◆ **WHAT IS BEING ASKED**:
In the copy, keep every line below as it is and leave out the pictures.

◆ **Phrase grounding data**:
========

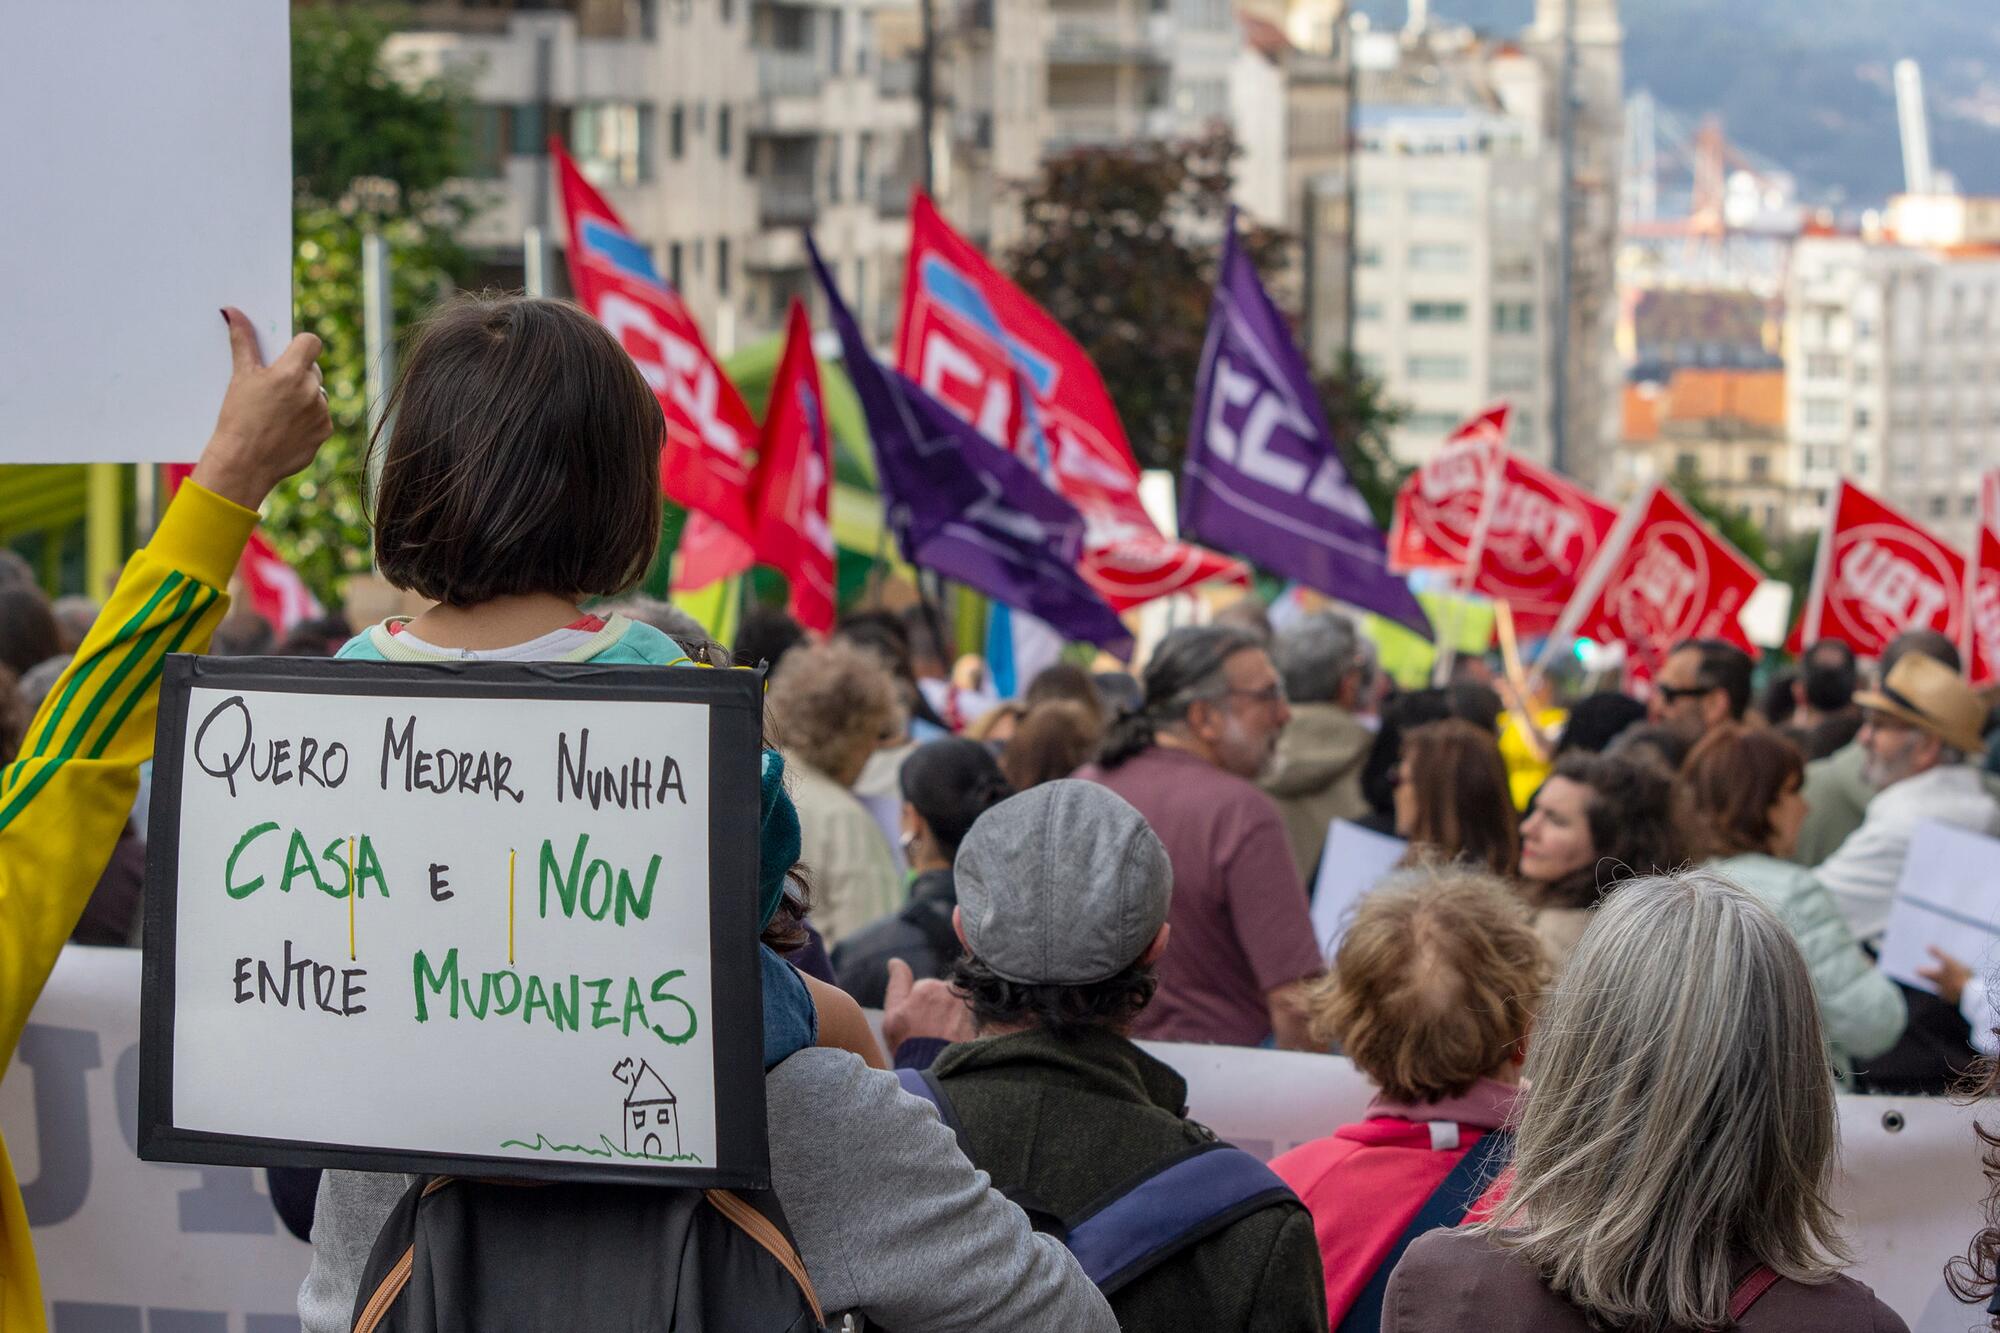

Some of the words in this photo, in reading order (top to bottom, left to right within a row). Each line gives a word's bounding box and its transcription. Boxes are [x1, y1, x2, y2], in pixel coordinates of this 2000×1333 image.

[1841, 538, 1945, 634] UGT
[194, 695, 349, 798] QUERO
[380, 714, 525, 803] MEDRAR
[557, 727, 688, 811] NUNHA
[225, 821, 391, 900] CASA
[428, 862, 455, 902] E
[539, 832, 663, 928] NON
[232, 939, 368, 1018] ENTRE
[413, 947, 699, 1046] MUDANZAS

========

◆ **REPLY TO THE EXERCISE**:
Some of the words in this photo, in reading order (top to bottom, left to right within a row). Each line gives a word's bounding box and its transcription. Boxes are [x1, y1, x2, y2], in pixel coordinates of this 2000×1333 image.

[1841, 538, 1945, 634] UGT
[194, 695, 349, 798] QUERO
[380, 714, 525, 803] MEDRAR
[557, 727, 688, 811] NUNHA
[225, 821, 391, 900] CASA
[428, 862, 455, 902] E
[539, 832, 663, 928] NON
[232, 939, 368, 1018] ENTRE
[413, 947, 699, 1046] MUDANZAS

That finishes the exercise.